Заметил, что в городе совсем не осталось ни птиц, ни животных. Единственно, кого видел, был котенок, живущий на молокозаводе. Офицеры назвали его «Дух».
«Куропаткины х-вы…» — мягче слов по отношению к нашим военачальникам мой собеседник не находит, вспомнив вдруг российского генерала, чье имя стало символом поражения в войне, которую Россия позорно проиграла в начале века. «Шестого января мы с мужиками собрались — изо всех подразделений, чтобы самим подсчитать, сколько же полегло в этом бездарном наступлении». — «Ну и сколько?» — «По нашим подсчетам вышло около пяти тысяч…» — и, помолчав, добавляет: «Сволочи»…
Все чаще и чаще слышал я здесь это слово. Это, и еще более резкие… Те, что не выдержит лист бумаги…
«Они были как зомби… — рассказывает еще один мой собеседник о пацанах, которые и стрелять-то толком не научились. — Минный обстрел, а они медленно, как в кино, кладут на землю автоматы и так же медленно расходятся в разные стороны, будто и не слыша свиста мин. Мы могли делать лишь одно — повалить их на землю хоть под какое-то укрытие…»
Здесь все напоминает об этом провальном наступлении, но больше всего — глаза оставшихся в живых командиров, потерявших своих бойцов. Мне и сейчас трудно забыть ту застывшую тоску.
Онемела душа
И застыла.
Той далекой зимой
В декабре-январе
Даже страшно представить,
Что было.
Мне удалось встретиться с несколькими участниками этого позорного похода на Грозный.

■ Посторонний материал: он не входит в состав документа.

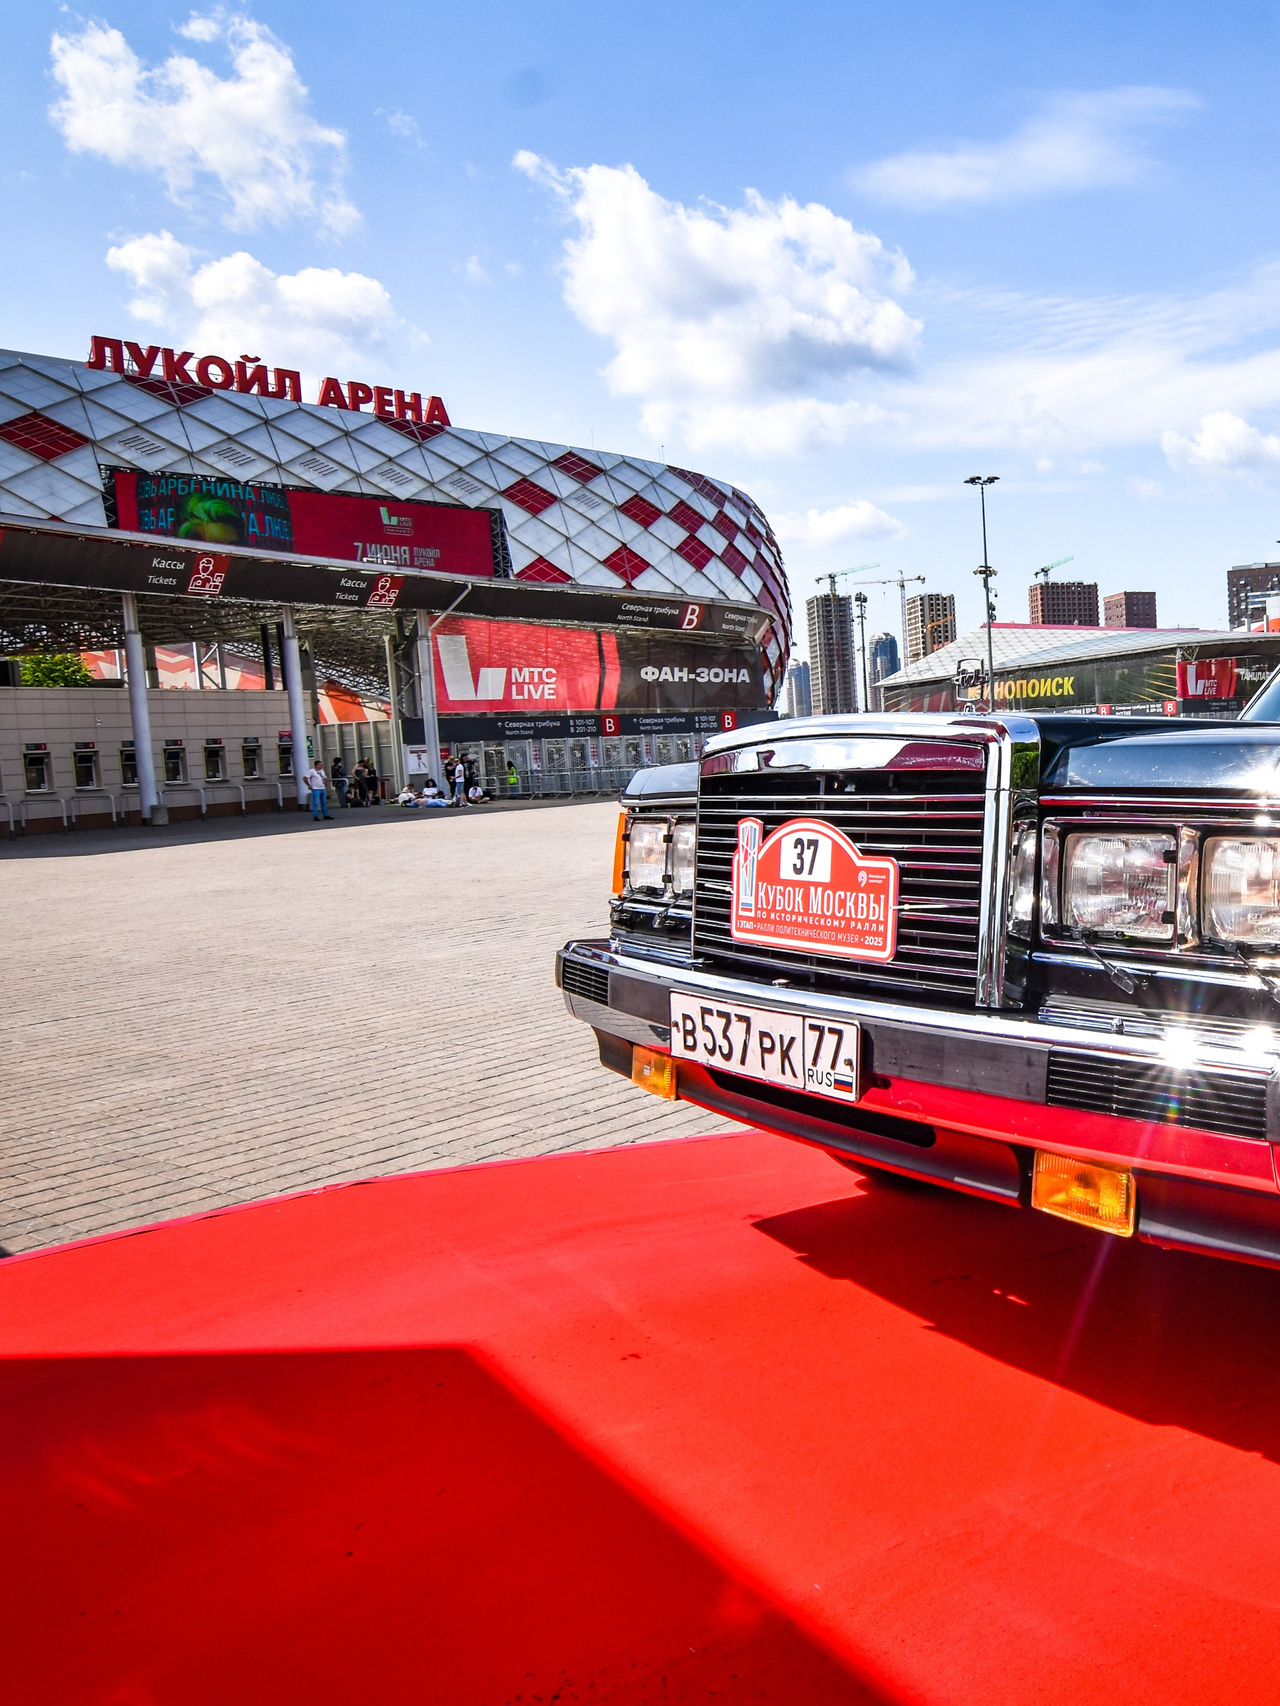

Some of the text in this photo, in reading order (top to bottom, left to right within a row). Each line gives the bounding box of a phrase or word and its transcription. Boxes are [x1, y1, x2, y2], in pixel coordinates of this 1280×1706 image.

[86, 335, 451, 426] ЛУКОЙЛ АРЕНА
[353, 542, 410, 565] 7 ИЮНЯ
[152, 558, 185, 569] Кассы
[148, 575, 177, 585] Tickets
[340, 578, 367, 588] Кассы
[335, 592, 359, 601] Tickets
[621, 603, 679, 616] Северная трибуна
[617, 614, 632, 622] North
[511, 668, 556, 683] МТС
[640, 665, 750, 683] ФАН-ЗОНА
[512, 685, 556, 699] LIVE
[535, 720, 560, 728] трибуна
[792, 837, 819, 876] 37
[757, 911, 884, 932] ПО ИСТОРИЧЕСКОМУ РАЛЛИ
[757, 922, 775, 932] РАЛЛИ
[776, 924, 835, 941] ПОЛИТЕХНИЧЕСКОГО
[837, 933, 858, 943] МУЗЕЯ
[864, 936, 883, 946] 2025
[808, 1023, 844, 1071] 77
[808, 1068, 833, 1087] RUS
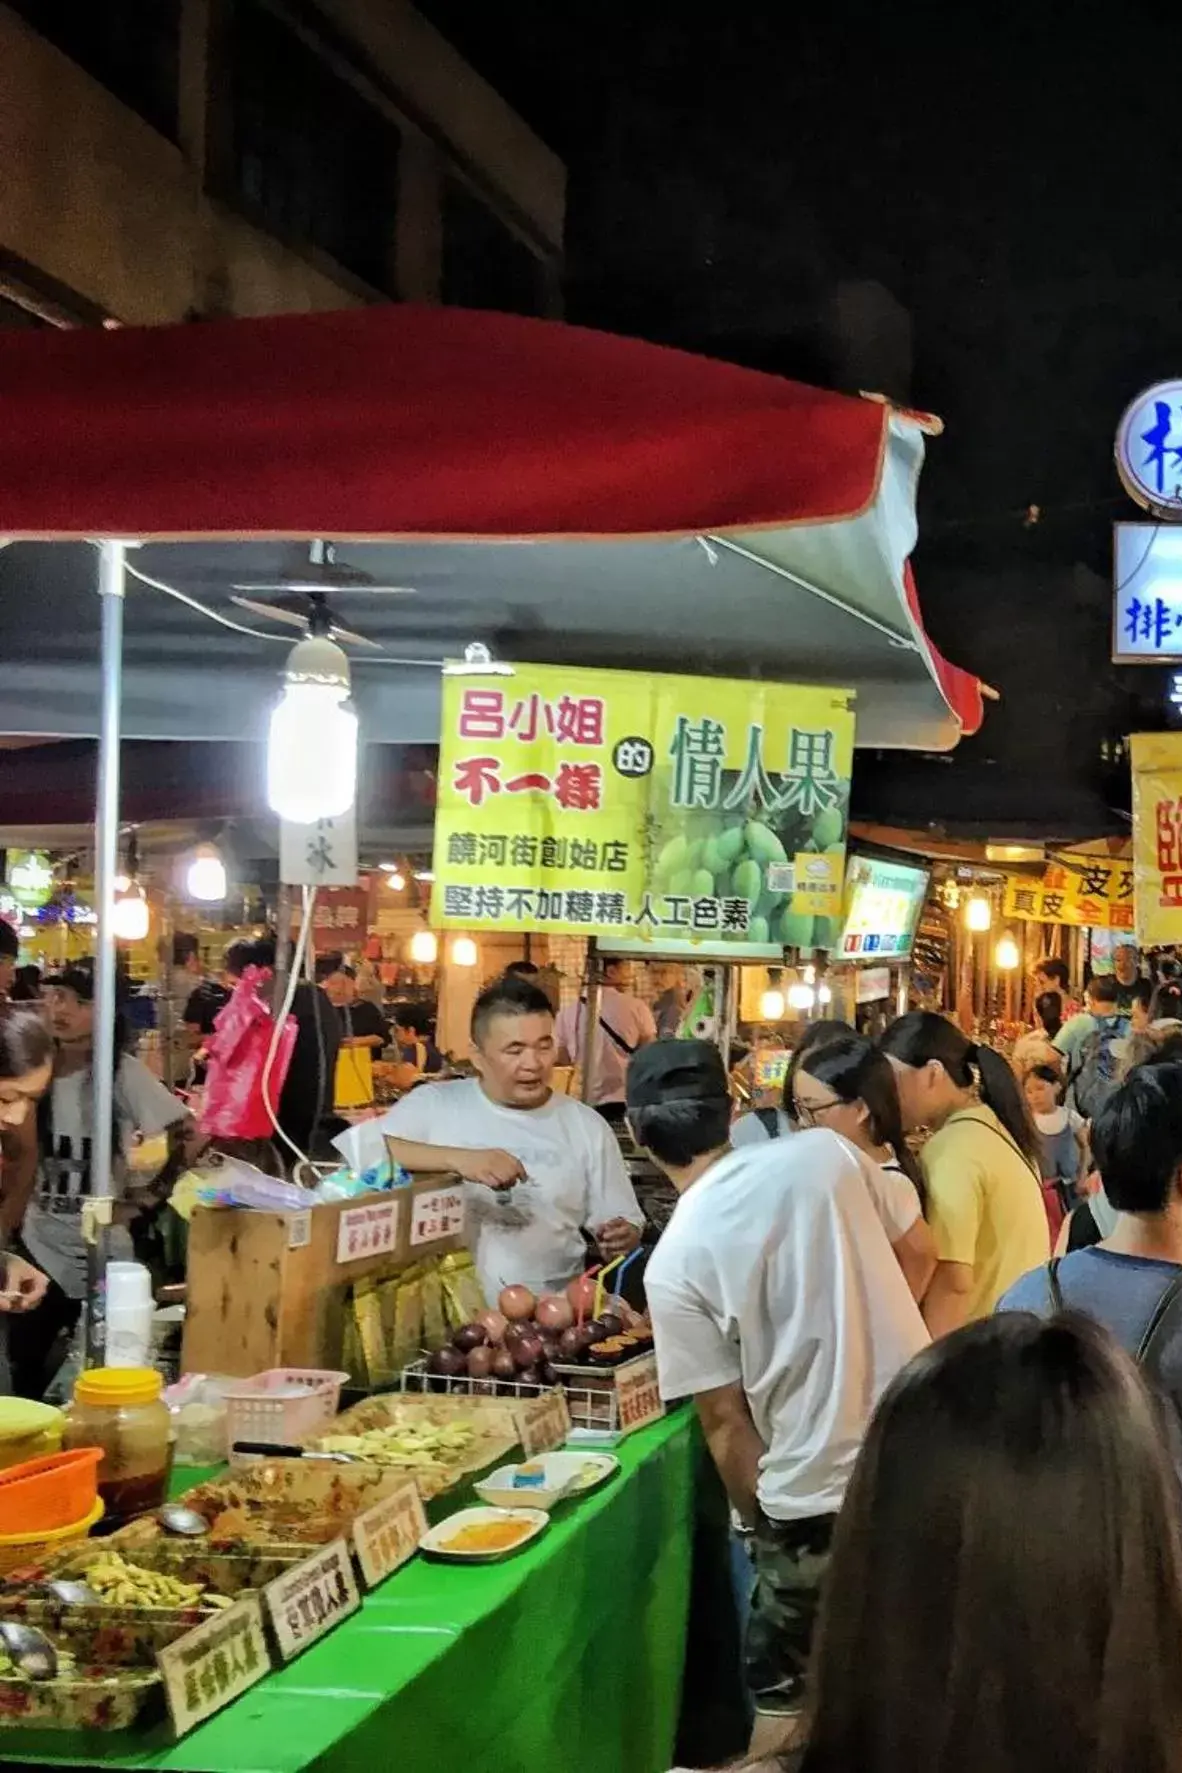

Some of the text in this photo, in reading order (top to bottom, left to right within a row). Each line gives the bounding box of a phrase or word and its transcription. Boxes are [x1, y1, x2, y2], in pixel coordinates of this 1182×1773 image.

[460, 690, 604, 745] 呂小姐
[615, 741, 651, 774] 的
[669, 716, 838, 815] 情人果
[446, 832, 629, 871] 饒河街創始店
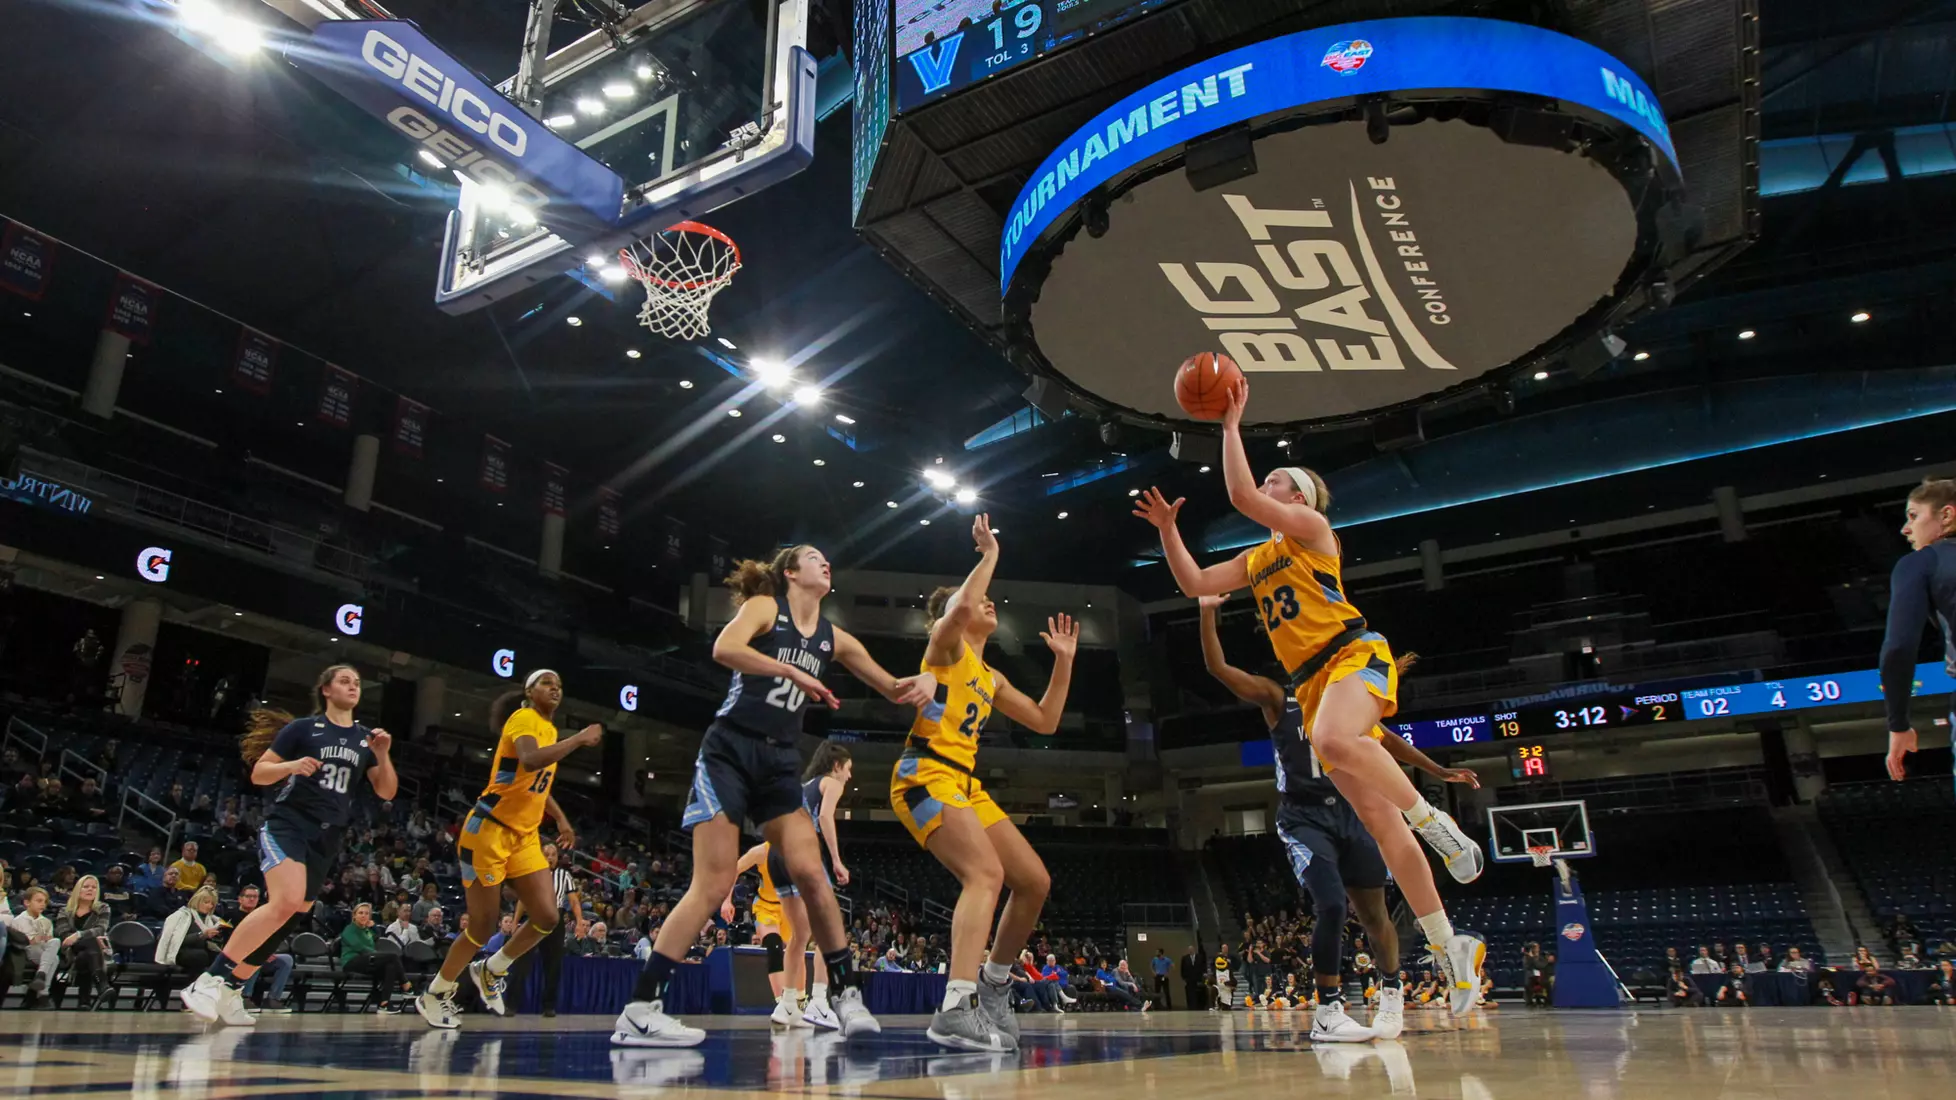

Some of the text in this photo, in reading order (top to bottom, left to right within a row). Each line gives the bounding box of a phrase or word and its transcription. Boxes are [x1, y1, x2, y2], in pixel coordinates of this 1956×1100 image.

[987, 3, 1042, 50] 19
[985, 42, 1029, 68] TOL 3
[362, 29, 527, 157] GEICO
[387, 106, 550, 206] GEICO
[1004, 62, 1254, 261] TOURNAMENT
[1367, 176, 1452, 325] CONFERENCE
[1222, 194, 1405, 370] EAST
[1158, 262, 1323, 372] BIG
[137, 546, 173, 582] G
[336, 603, 363, 635] G
[1261, 584, 1300, 632] 23
[492, 648, 515, 678] G
[776, 647, 821, 678] VILLANOVA
[619, 685, 638, 711] G
[765, 676, 806, 713] 20
[1634, 692, 1678, 706] PERIOD
[1682, 685, 1742, 700] TEAM FOULS
[1770, 691, 1787, 708] 4
[1806, 680, 1841, 702] 30
[1494, 711, 1518, 722] SHOT
[1554, 706, 1608, 729] 3:12
[1652, 705, 1666, 721] 2
[1700, 697, 1729, 716] 02
[1435, 715, 1486, 728] TEAM FOULS
[1451, 725, 1474, 743] 02
[1499, 721, 1520, 737] 19
[1402, 732, 1414, 746] 3
[320, 745, 360, 767] VILLANOVA
[1524, 757, 1544, 776] 19
[319, 763, 351, 794] 30
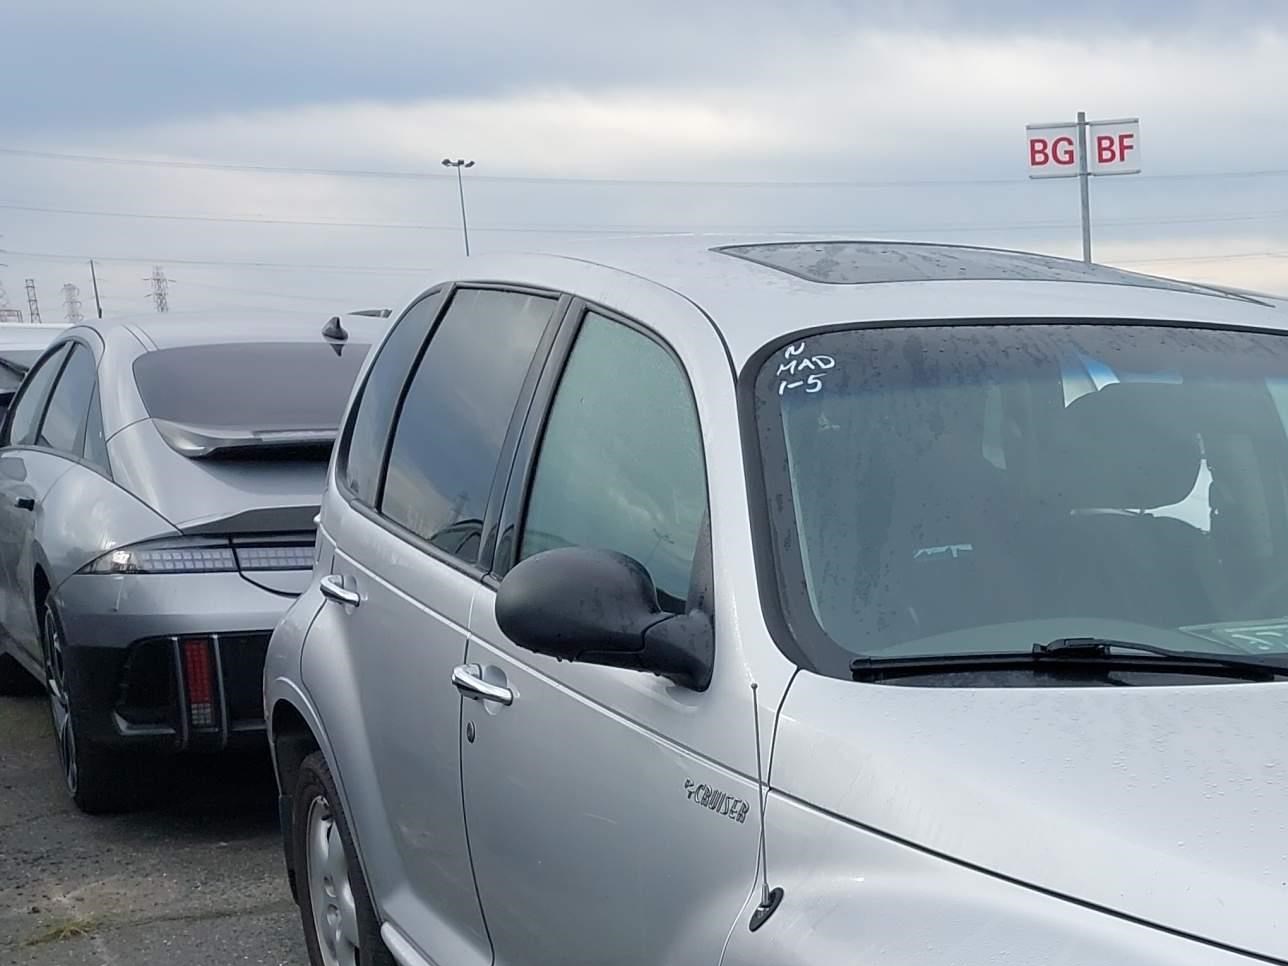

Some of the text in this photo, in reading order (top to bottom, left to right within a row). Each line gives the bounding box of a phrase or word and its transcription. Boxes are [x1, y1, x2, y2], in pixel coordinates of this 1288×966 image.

[1029, 137, 1075, 166] BG
[1097, 134, 1134, 163] BF
[776, 355, 835, 376] MAD

«Наступление началось 30 декабря (а не 31-го, как писалось в газетах). Шли тремя колоннами по трем дорогам. Сначала, еще не доходя до Грозного, в ночь с 30 на 31 декабря, попали под бомбы своих же собственных самолетов. Я звоню генералу Р.: «Вы сошли с ума! Что вы делаете!..» Он мне: «Найдите и расстреляйте этого наводчика…» Мы находим наводчика: «Но я наводчик армейской авиации, а вас бомбит фронтовая…» — слышим в ответ…» — это свидетельство подполковника Д.